Há muitas dúvidas, algumas delas tiramos hoje com o jurista Martonio Barreto Lima, da Universidade de Fortaleza, que ajudou a entender quem poderão ser os candidatos se ocorrer uma eleição direta. O PSDB é um partido sem rumo, quando começa o tiroteio, uma parte quer se retirar do governo, outra parte, como Aloísio Nunes, resolve ficar. Gilmar tenta minimizar o estrago. Assim, o PSDB se torna pior que Cristóvão Buarque, parlamentar que se tornou o rei do Twitter, onde colocou hoje o seguinte: O Temer disse que a imprensa está conspirando contra ele. Eu não acho que seja verdade. 

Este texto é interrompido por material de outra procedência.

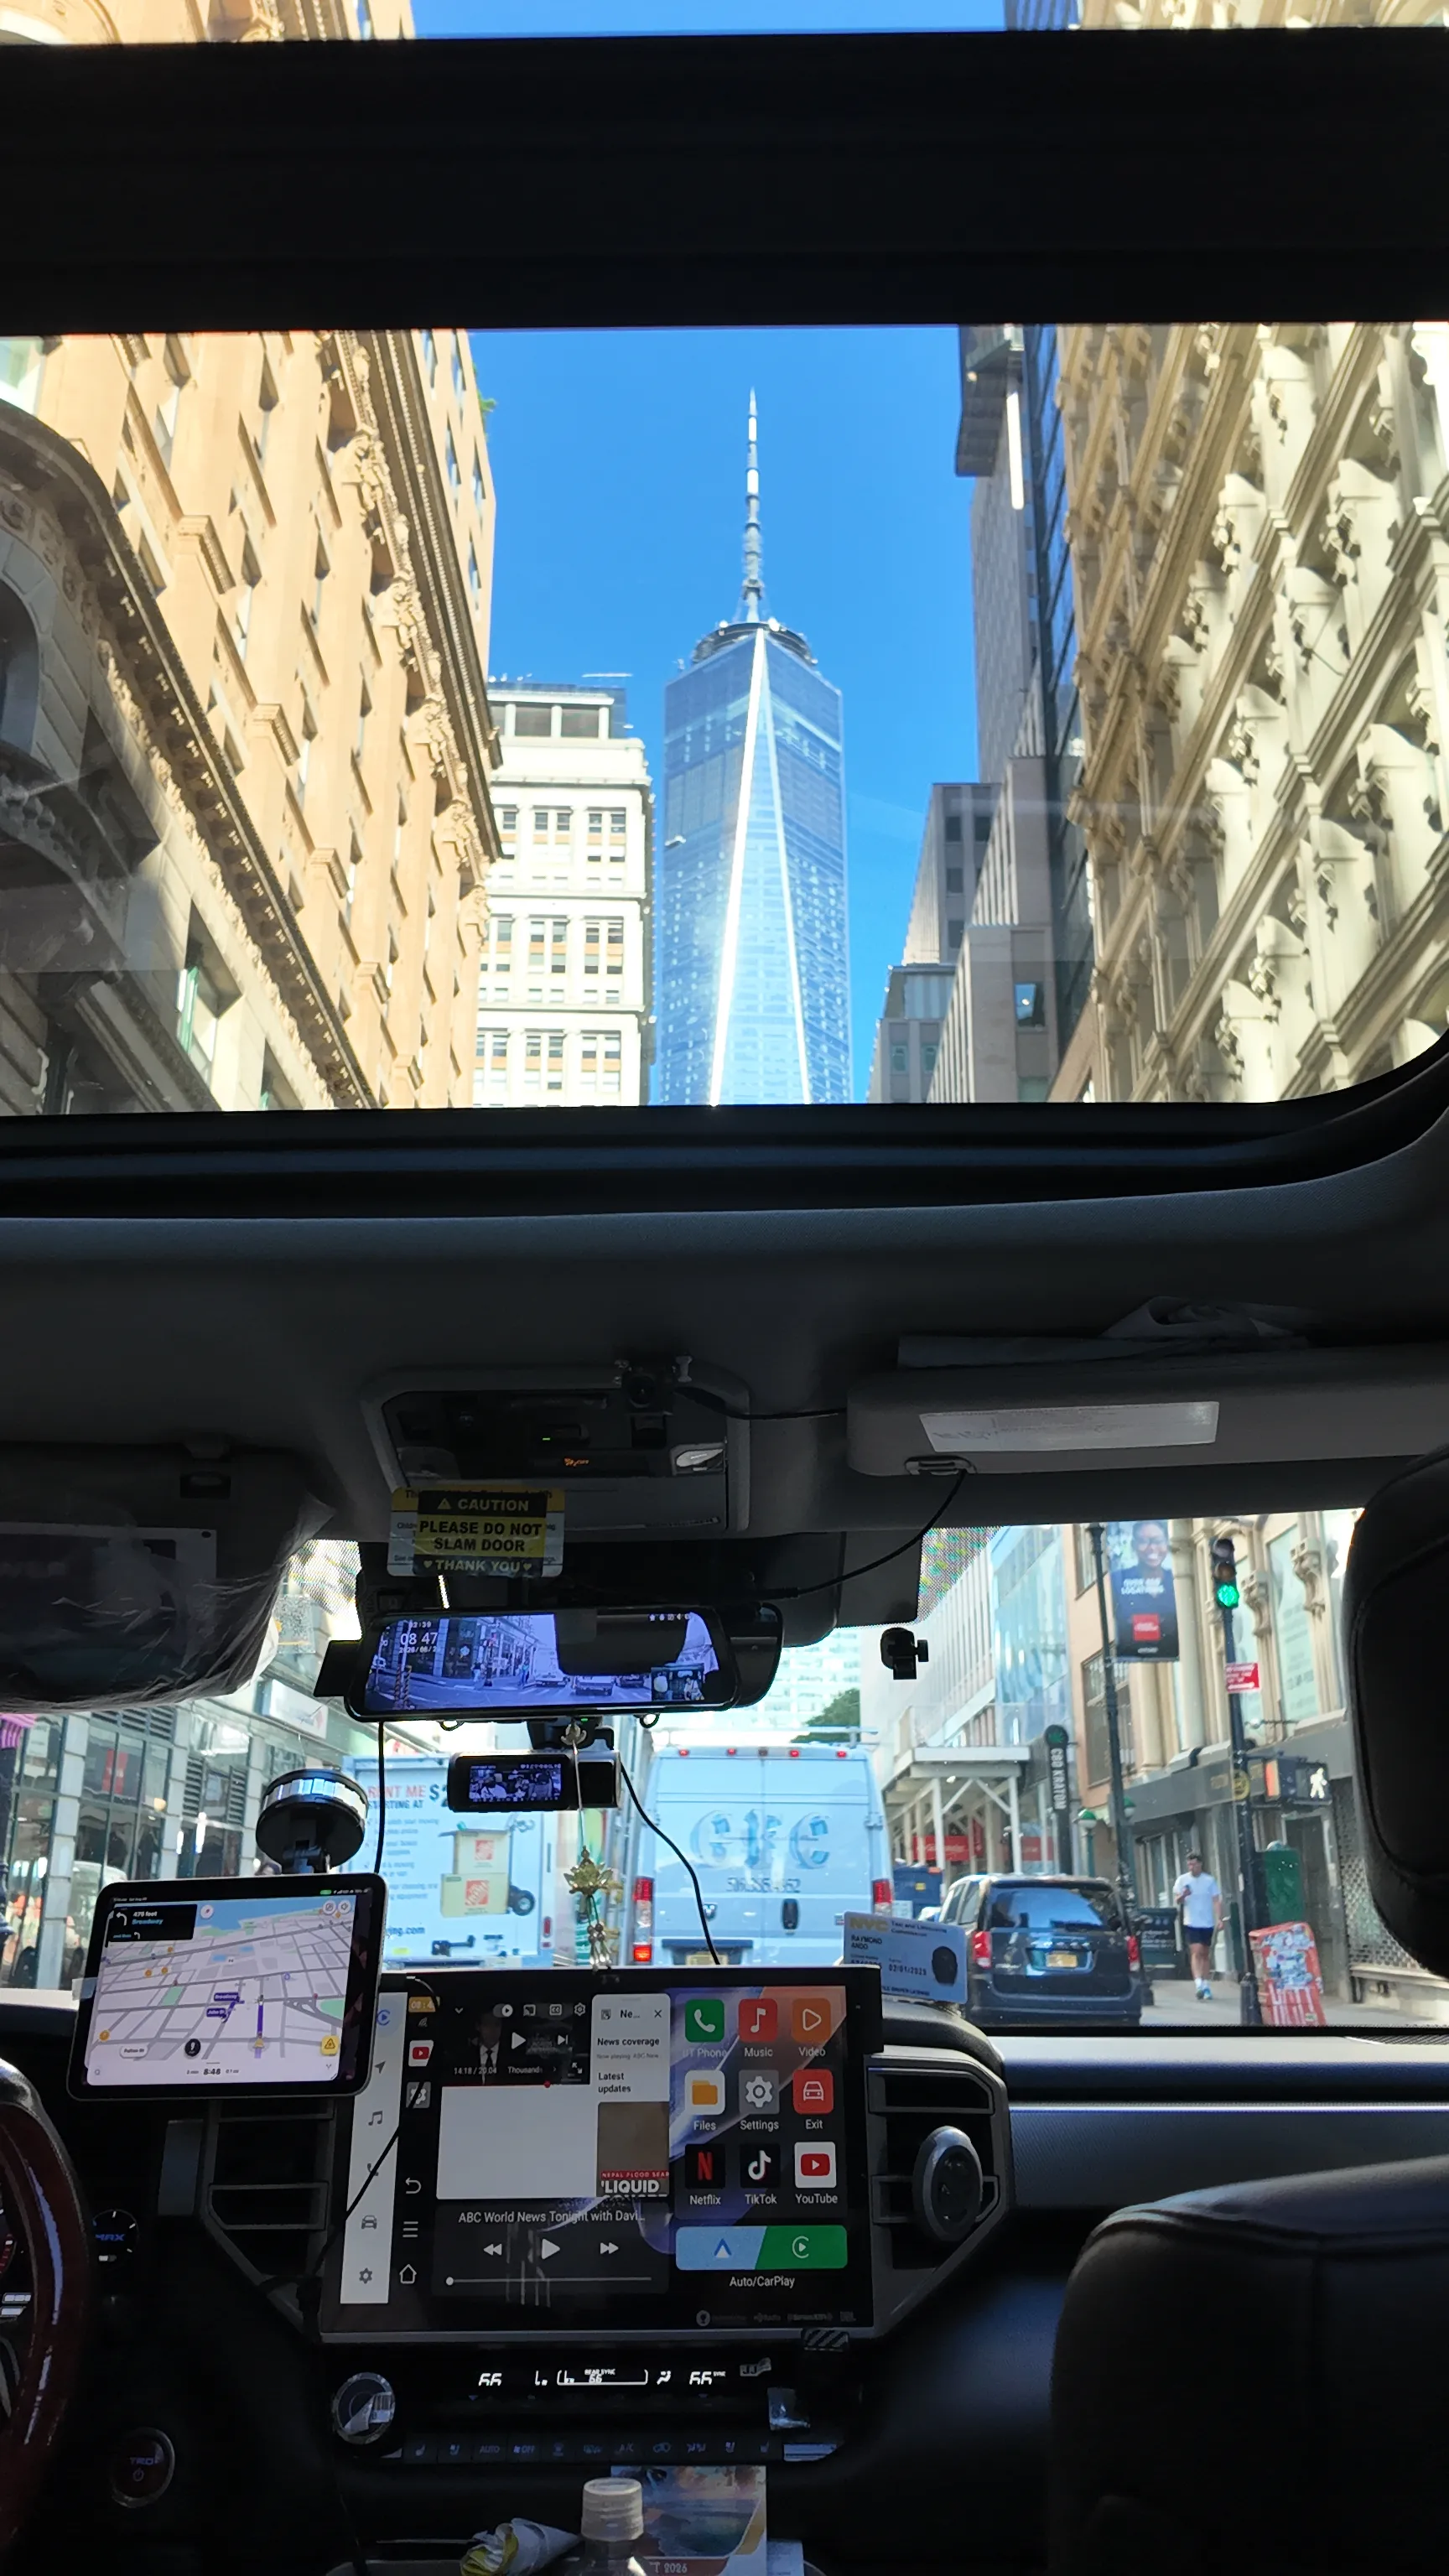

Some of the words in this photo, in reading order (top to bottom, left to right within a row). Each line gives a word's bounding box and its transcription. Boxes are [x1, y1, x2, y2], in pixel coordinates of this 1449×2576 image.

Veja também: O que acontece caso Temer renuncie? Aqui.

Não é achar se é verdade. Esse tipo de posiconamento se trata em uma tentativa do político de se equilibrar em dois pontos. Apostar no Temer hoje é um suicídio político, ele se tornou o sujeito mais detestado do país, e o PSDB não percebe. 

Fala-se muito dos coronéis nordestinos, Sarney, Renan, mas eles têm muito mais visão de país e dos procedimentos que tem que ser tomados que Temer. Ele deve ter construído sua imagem positiva em cima do Manual Constitucionalista que publicou e, segundo quem leu é uma coisa muito superficial, junto com seu jeito empolado de falar. Talvez também pelo círculo de amigos que se envolveu, de homens mais cultos. Mas a sua dimensão política é sofrível. É inacreditável como o PT apostou em uma mediocridade dessa como vice-presidente. Depois de tudo isso eu até duvido que ele tenha sido o articulador do Golpe, ele foi a reboque do sócio dele, Eduardo Cunha. 

Todo esse cenário mostra, de fundo, a falta de grandeza dos grupos que dirigem o país, cada qual pensando em seu próprio espaço. O preço do subdesenvolvimento é exatamente isso, a incapacidade de se ter homens públicos, entre as gerações mais novas, que coloquem os interesses do país acima dos interesses de grupo.